Step 2: Build the Agent Loop

Here's where it gets interesting. The agent loop is the heart of the whole thing. It sends messages to Claude, checks if the model wants to call a tool, executes it, and feeds the result back.

from openai import OpenAI

client = OpenAI(
    api_key=os.environ["API_KEY"],
    base_url="https://api.kissapi.ai/v1"  # or your preferred endpoint
)

def run_agent(user_message: str, max_turns: int = 10) -> str:
    messages = [
        {
            "role": "system",
            "content": (
                "You are a helpful research assistant. "
                "Use the available tools to find information and answer questions. "
                "Always verify claims with web searches when possible. "
                "Think step by step before acting."
            )
        },
        {"role": "user", "content": user_message}
    ]

    for turn in range(max_turns):
        response = client.chat.completions.create(
            model="claude-sonnet-4-6",
            messages=messages,
            tools=tools,
            tool_choice="auto"
        )

        msg = response.choices[0].message

        # If no tool calls, we're done
        if not msg.tool_calls:
            return msg.content

        # Add the assistant's message (with tool calls) to history
        messages.append(msg)

        # Execute each tool call
        for tool_call in msg.tool_calls:
            fn_name = tool_call.function.name
            fn_args = json.loads(tool_call.function.arguments)
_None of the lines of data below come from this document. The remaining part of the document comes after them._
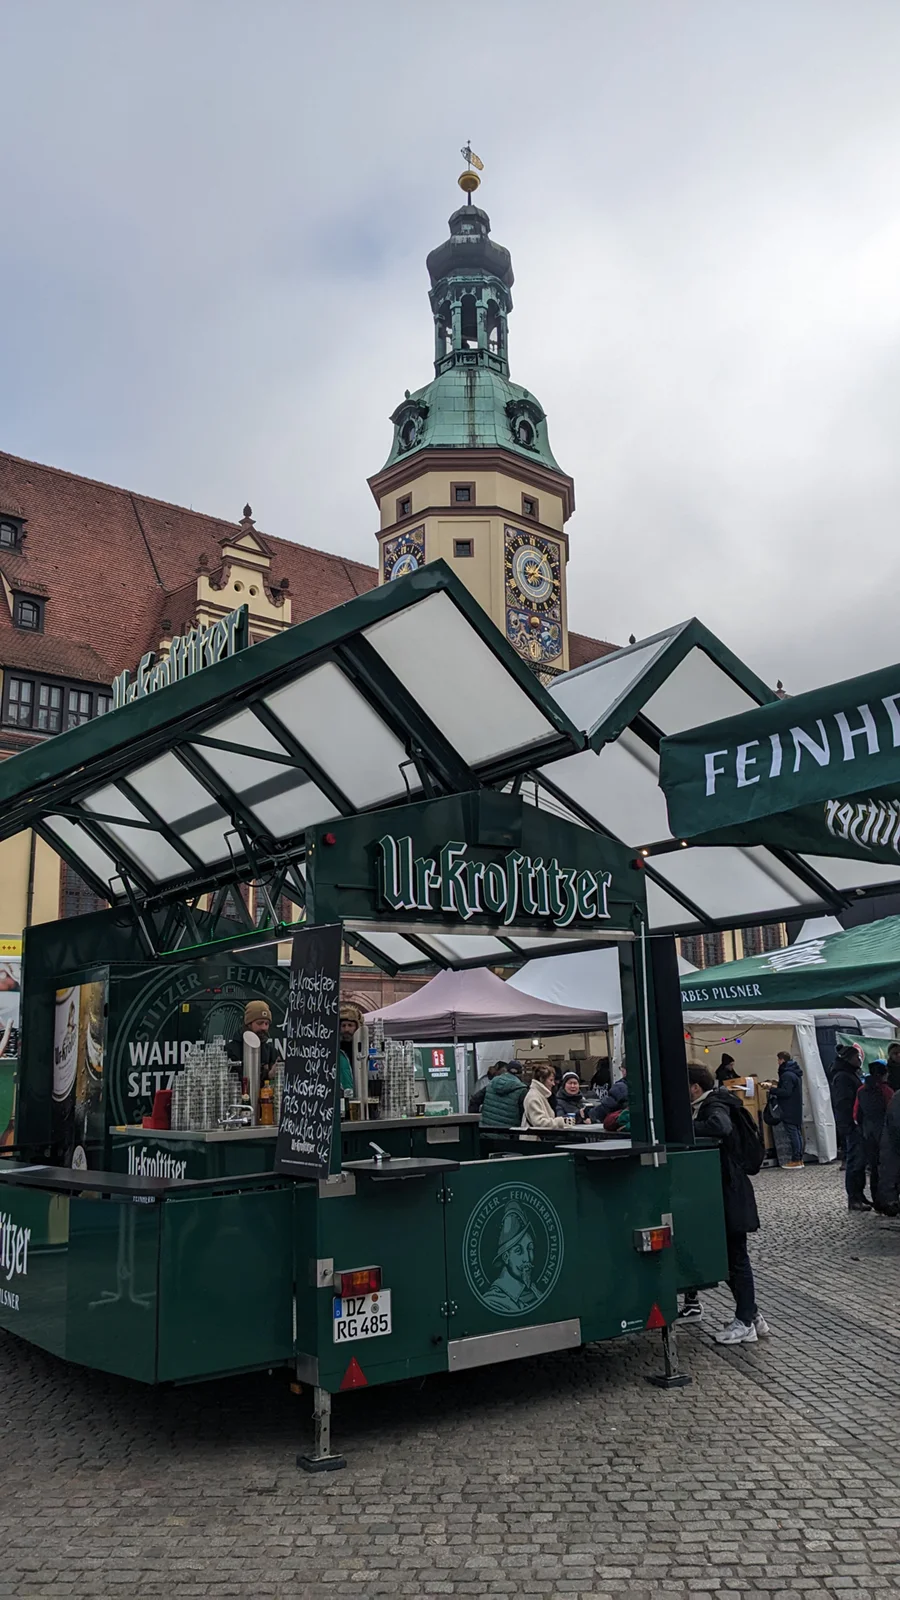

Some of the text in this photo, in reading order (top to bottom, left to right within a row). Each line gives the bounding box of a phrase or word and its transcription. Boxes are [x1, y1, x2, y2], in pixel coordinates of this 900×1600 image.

[712, 983, 762, 1000] PILSNER
[510, 1190, 556, 1232] FEINHERBES
[542, 1235, 558, 1285] PILSNER
[346, 1296, 366, 1317] DZ
[337, 1314, 388, 1340] RG 485
            print(f"  → Calling {fn_name}({fn_args})")

            # Execute the function
            result = tool_map[fn_name](**fn_args)

            # Add tool result to messages
            messages.append({
                "role": "tool",
                "tool_call_id": tool_call.id,
                "content": str(result)
            })

    return "Agent reached maximum turns without completing."
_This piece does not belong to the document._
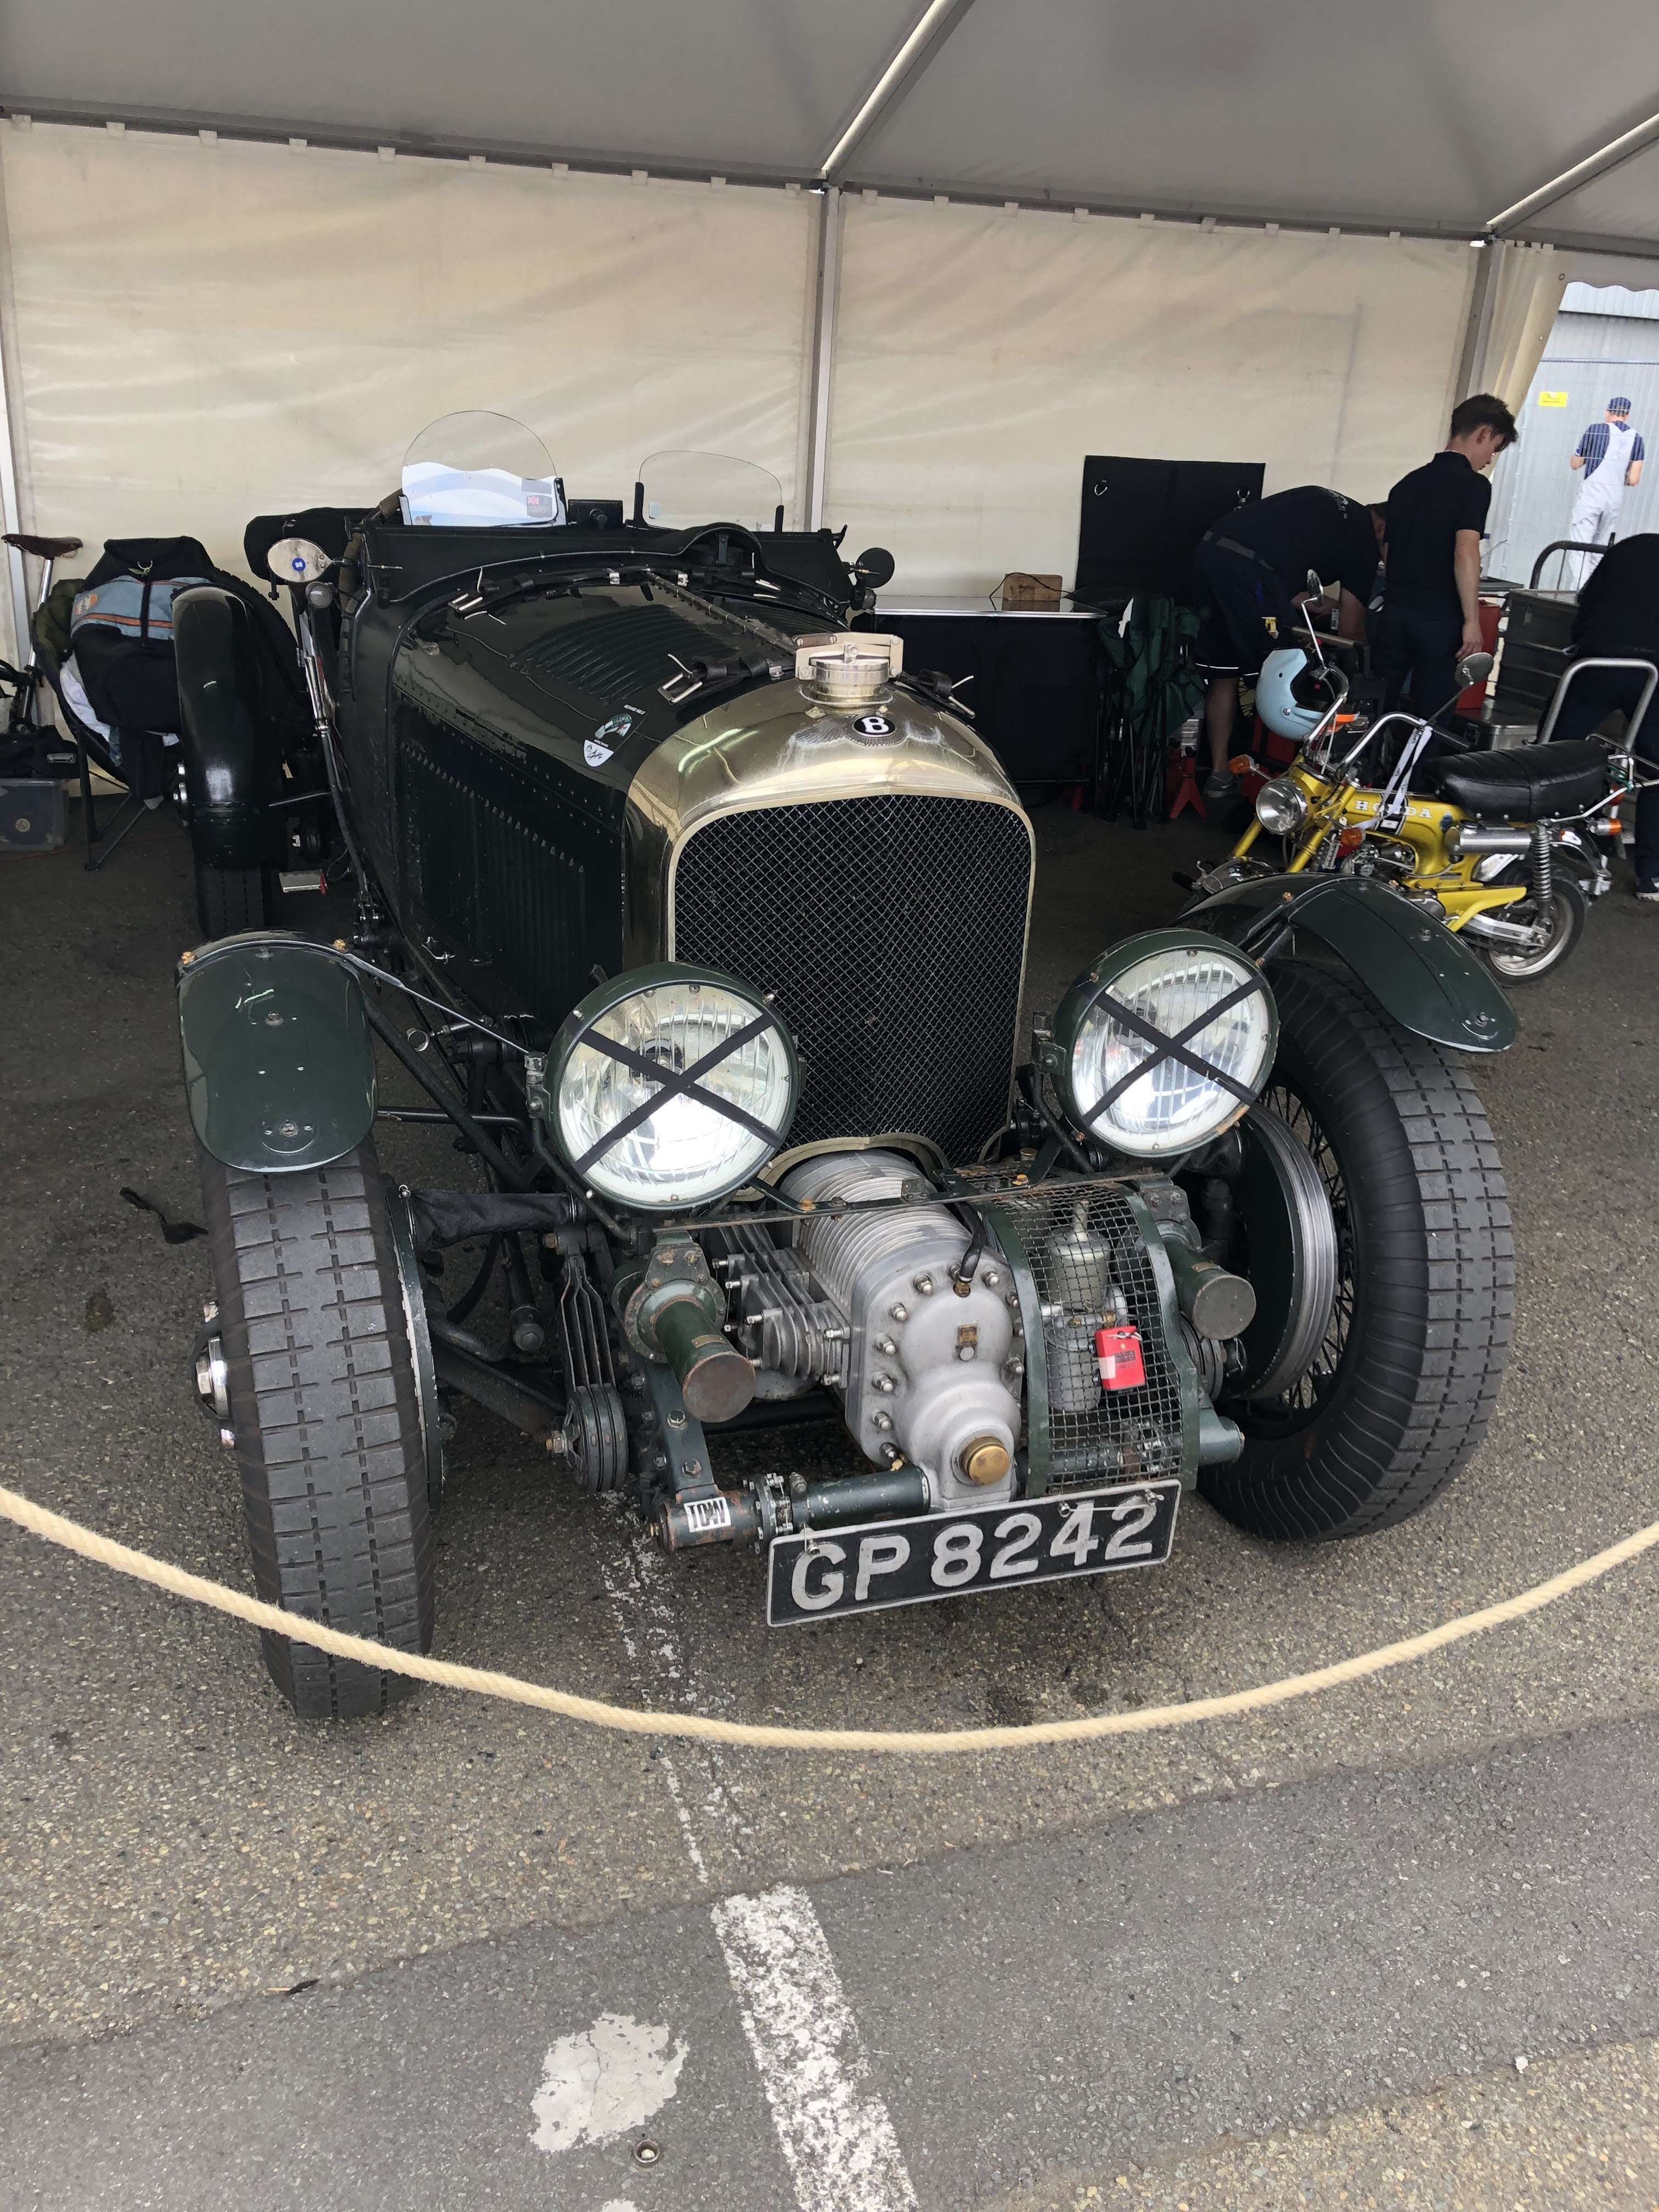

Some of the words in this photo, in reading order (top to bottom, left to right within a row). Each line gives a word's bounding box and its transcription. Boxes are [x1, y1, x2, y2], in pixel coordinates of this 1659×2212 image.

[861, 716, 889, 733] B
[688, 1500, 726, 1527] TOW
[791, 1534, 911, 1610] GP
[931, 1494, 1157, 1588] 8242
That's a working agent in about 40 lines. No framework needed. Let's test it:

answer = run_agent("What's the latest news about Claude Sonnet 4.6?")
print(answer)

The model will search the web, read the results, and synthesize an answer. If it needs more info, it'll search again. The loop handles everything.

Step 3: Add Conversation Memory

Our agent forgets everything between calls. For a one-shot research task, that's fine. But if you want a persistent assistant, you need memory. The simplest approach: keep the message history and persist it.

class Agent:
    def __init__(self, model="claude-sonnet-4-6"):
        self.model = model
        self.messages = [
            {
                "role": "system",
                "content": "You are a helpful assistant with access to tools. "
                           "Use them when needed. Be concise."
            }
        ]
        self.client = OpenAI(
            api_key=os.environ["API_KEY"],
            base_url="https://api.kissapi.ai/v1"
        )

    def chat(self, user_input: str) -> str:
        self.messages.append({"role": "user", "content": user_input})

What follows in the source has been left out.